Frequently Asked Questions
Can AI write unit tests for me?
Yes, AI can write unit tests by reading your functions and generating assertions for typical inputs, edge cases, and error paths. Tools like GitHub Copilot and Amazon Q Developer scaffold whole test files in seconds. You still review them, because the AI tests current behavior rather than intended behavior and can lock in existing bugs.
What is the best AI tool for software testing?
The best AI testing tool depends on your stack. GitHub Copilot and Amazon Q Developer suit general unit and integration testing inside your editor, Replit AI works well for browser-based projects, and LangSmith targets teams testing AI and LLM applications. Many developers combine a coding assistant for tests with a dedicated evaluation tool.

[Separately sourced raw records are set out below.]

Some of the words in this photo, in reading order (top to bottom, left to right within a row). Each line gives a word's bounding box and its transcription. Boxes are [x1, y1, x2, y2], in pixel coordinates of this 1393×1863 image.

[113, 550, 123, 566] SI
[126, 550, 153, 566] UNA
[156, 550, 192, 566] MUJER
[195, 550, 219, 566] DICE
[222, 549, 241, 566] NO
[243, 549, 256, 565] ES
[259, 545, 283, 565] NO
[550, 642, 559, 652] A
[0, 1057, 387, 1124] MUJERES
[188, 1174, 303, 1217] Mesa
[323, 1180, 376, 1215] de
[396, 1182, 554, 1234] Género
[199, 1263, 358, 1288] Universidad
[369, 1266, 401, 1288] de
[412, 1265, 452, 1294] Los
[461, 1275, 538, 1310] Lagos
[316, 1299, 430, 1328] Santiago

Do AI testing tools actually find bugs?
AI testing tools find some bugs, especially missing edge cases, unhandled errors, and gaps in coverage that humans skip when rushing. They are weaker at catching logic errors where the code runs fine but does the wrong thing. The most reliable approach pairs AI-generated tests with your own assertions about expected results.
How do AI testing tools work?
AI testing tools read your source code, infer what each function expects and returns, then generate test cases that exercise those paths. They use large language models trained on huge amounts of code and existing tests. You run the generated suite, review the failures, and keep the cases that meaningfully describe correct behavior.
What's the difference between AI testing and AI code review?
AI testing verifies that code actually works by running generated tests against it, so you catch failures when behavior changes. AI code review reads the code without running it, flagging likely bugs, security issues, and style problems before a change merges. Testing proves behavior; review inspects the code itself. Many teams use both.